Kenneth Levine

< Back to Issue Six

FICTION

Life Beats

In the labor, delivery, and recovery room (LDR), twenty-five-year-old Steve cradles Tom’s tooshie with his left hand and the infant’s head with his right. Face to face for the first time, Steve sees a dimple in front of his son’s left ear and white bumps that look like little pimples on his forehead that have sprouted through fine, soft hair that also covers his scalp and cheeks. Nevertheless, what he enfolds in his arms is the essence of beauty. Stirred by an explosion of tenderness, a tightening bond of love, Steve blinks away a tear of happiness.

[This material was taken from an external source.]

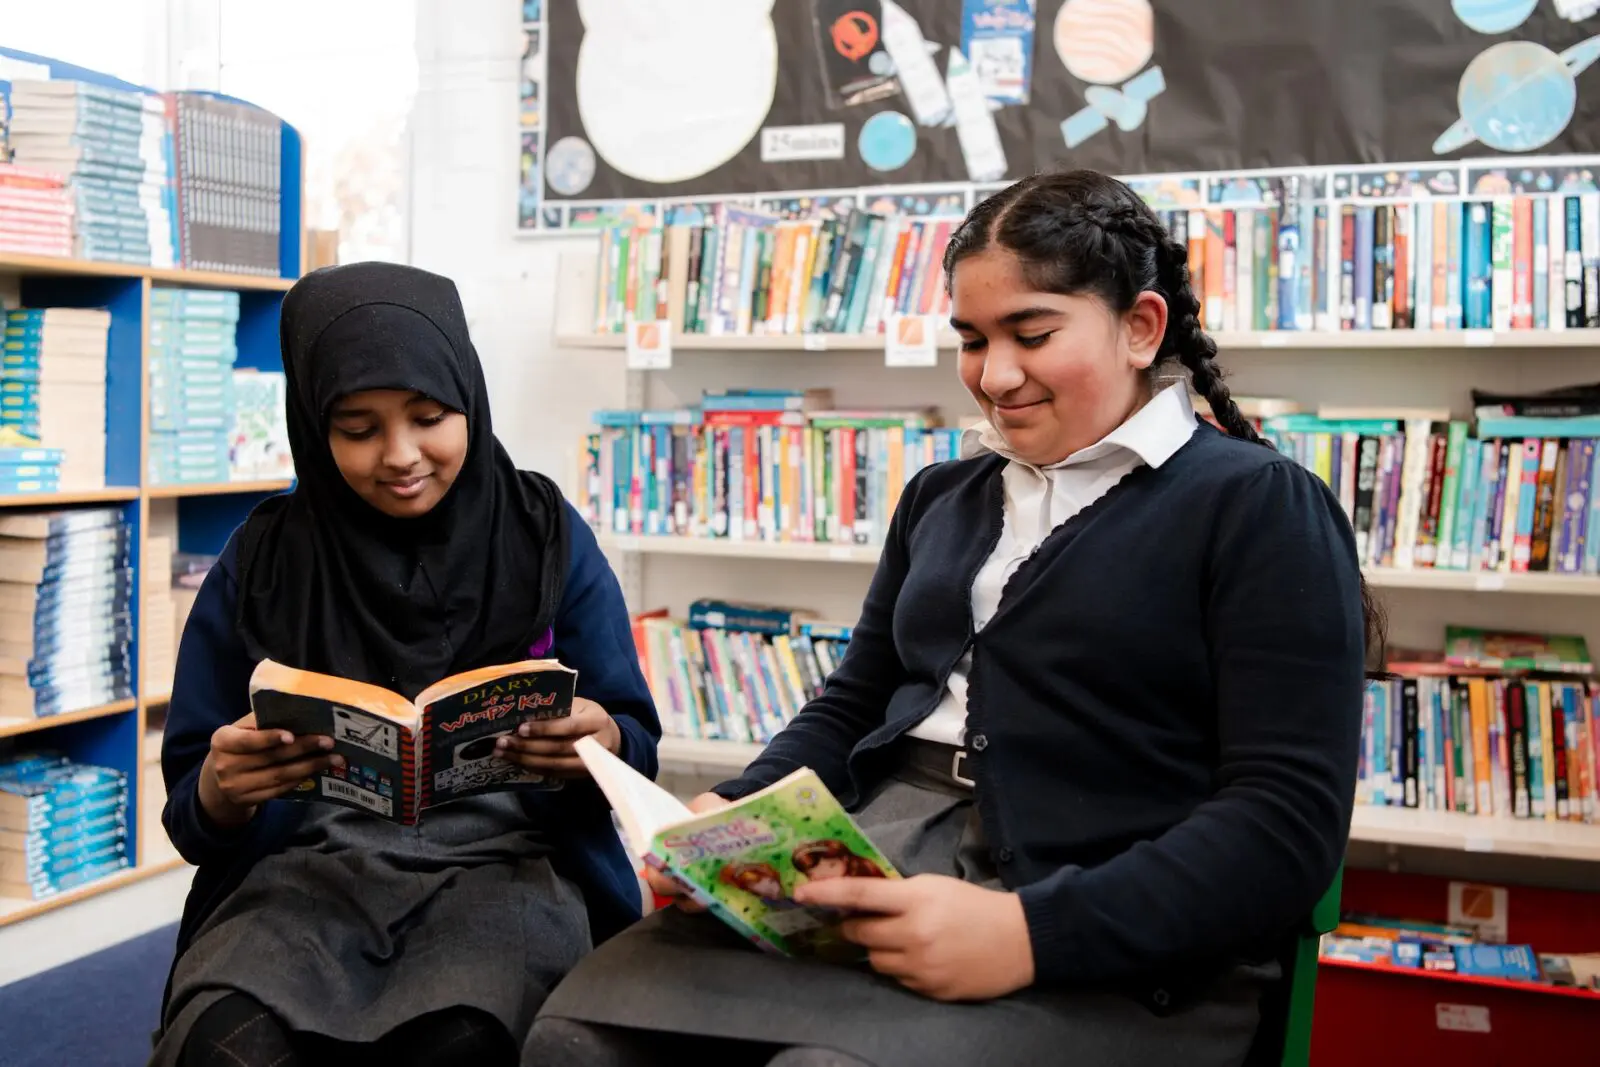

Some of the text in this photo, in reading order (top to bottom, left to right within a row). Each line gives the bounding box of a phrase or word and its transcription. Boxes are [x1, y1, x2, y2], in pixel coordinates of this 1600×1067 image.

Steve’s right hand discovers and caresses a diamond-shaped, soft area at the top of Tom’s head. His hand lingers there, absorbing the pulsing of blood that corresponds to the baby’s heartbeat, the pitter patter of their first communication. His heart rate accelerates, synchronizing to the rapid rhythm of the boy’s, at 136 BPM he figures, and their hearts begin to beat as one.

Steve lifts Tom skyward. It’s effortless; a five-pound dumbbell weighs more. He holds his ear against Tom’s chest and listens. Lub dub, lub dub, lub dub, lub dub. So clear. Persistent. Beautiful. Music. The music of life. Lub dub, lub dub, lub dub, lub dub. He will always recollect and play this song. Tom’s song.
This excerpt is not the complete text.